Task to carry out »
Exclude all images and print the entries below exactly.

Stored data entries

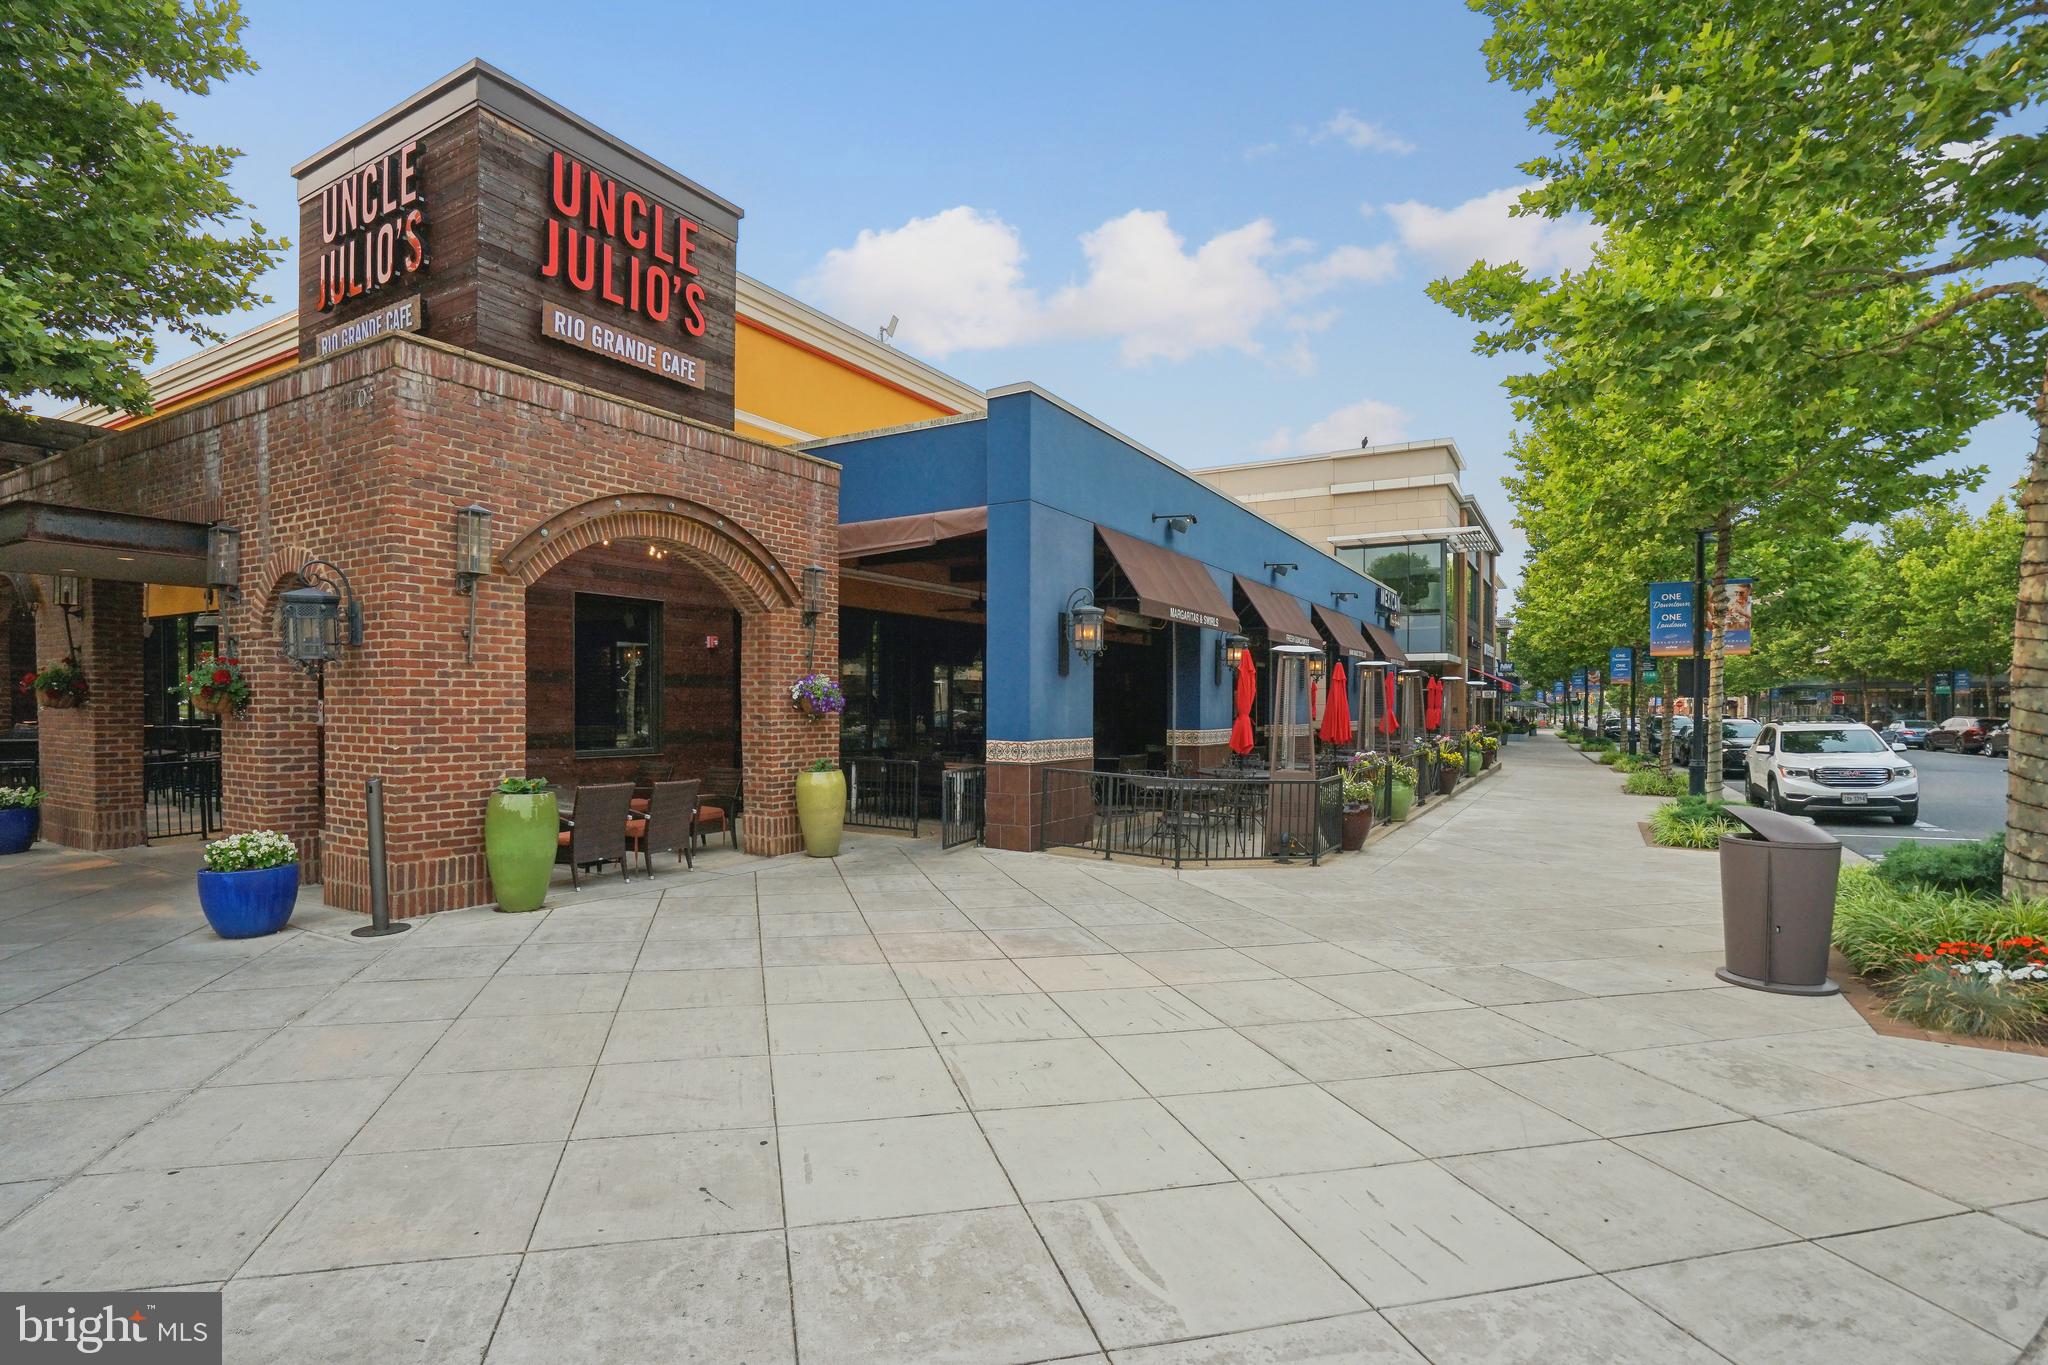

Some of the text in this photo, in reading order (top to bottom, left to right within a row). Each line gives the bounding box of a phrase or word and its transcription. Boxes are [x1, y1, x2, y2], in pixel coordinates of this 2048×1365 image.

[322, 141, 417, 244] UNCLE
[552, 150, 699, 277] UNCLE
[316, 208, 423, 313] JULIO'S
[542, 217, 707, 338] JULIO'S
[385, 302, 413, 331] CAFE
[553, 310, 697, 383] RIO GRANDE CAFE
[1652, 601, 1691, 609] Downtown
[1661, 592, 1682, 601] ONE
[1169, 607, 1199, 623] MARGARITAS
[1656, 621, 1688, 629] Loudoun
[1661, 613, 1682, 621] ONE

Written reply »
Some of the text in this photo, in reading order (top to bottom, left to right within a row). Each line gives the bounding box of a phrase or word and its transcription. Boxes are [x1, y1, x2, y2], in pixel coordinates of this 2048×1365 image.

[322, 141, 417, 244] UNCLE
[552, 150, 699, 277] UNCLE
[316, 208, 423, 313] JULIO'S
[542, 217, 707, 338] JULIO'S
[385, 302, 413, 331] CAFE
[553, 310, 697, 383] RIO GRANDE CAFE
[1652, 601, 1691, 609] Downtown
[1661, 592, 1682, 601] ONE
[1169, 607, 1199, 623] MARGARITAS
[1656, 621, 1688, 629] Loudoun
[1661, 613, 1682, 621] ONE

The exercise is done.